[Source data Boundary: Start]

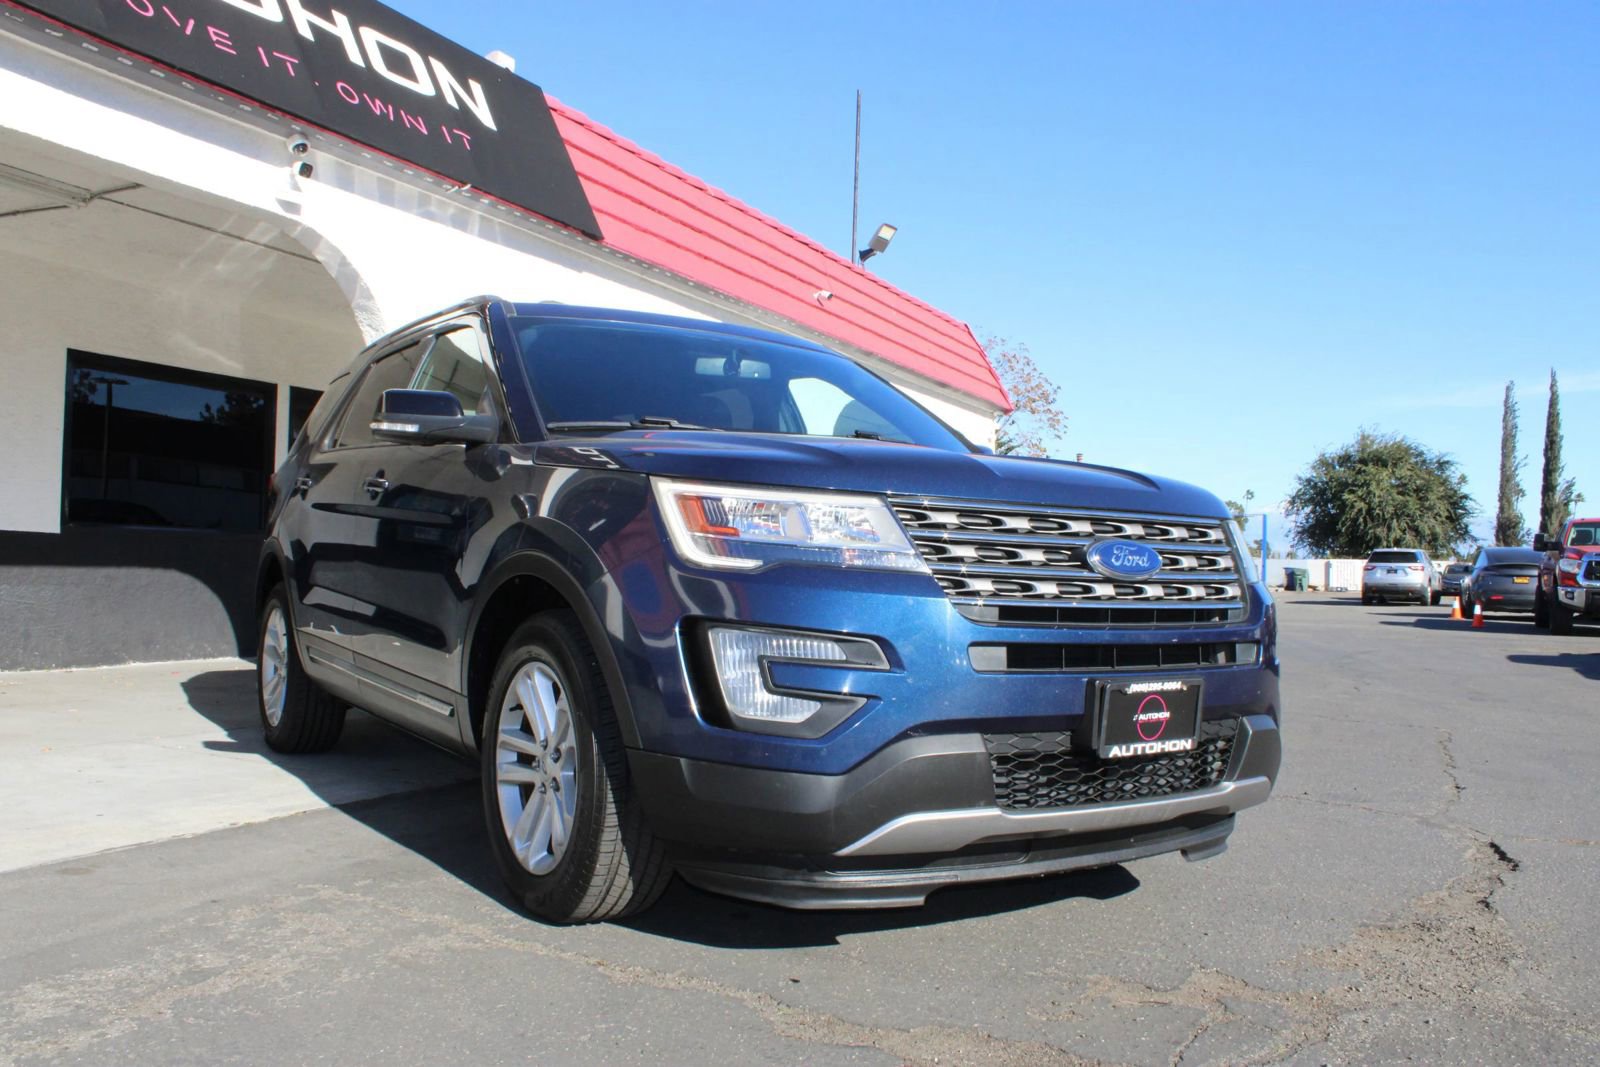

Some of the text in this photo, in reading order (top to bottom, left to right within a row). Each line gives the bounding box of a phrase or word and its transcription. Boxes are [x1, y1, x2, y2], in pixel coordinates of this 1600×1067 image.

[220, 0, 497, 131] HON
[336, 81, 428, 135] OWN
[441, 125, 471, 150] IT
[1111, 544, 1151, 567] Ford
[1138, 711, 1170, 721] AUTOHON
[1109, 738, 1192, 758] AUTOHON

[Source data Boundary: End]

Task prompt: The records above are to be reproduced exactly; the pictures are to be left out.

Answer below:
Some of the text in this photo, in reading order (top to bottom, left to right within a row). Each line gives the bounding box of a phrase or word and its transcription. Boxes are [x1, y1, x2, y2], in pixel coordinates of this 1600×1067 image.

[220, 0, 497, 131] HON
[336, 81, 428, 135] OWN
[441, 125, 471, 150] IT
[1111, 544, 1151, 567] Ford
[1138, 711, 1170, 721] AUTOHON
[1109, 738, 1192, 758] AUTOHON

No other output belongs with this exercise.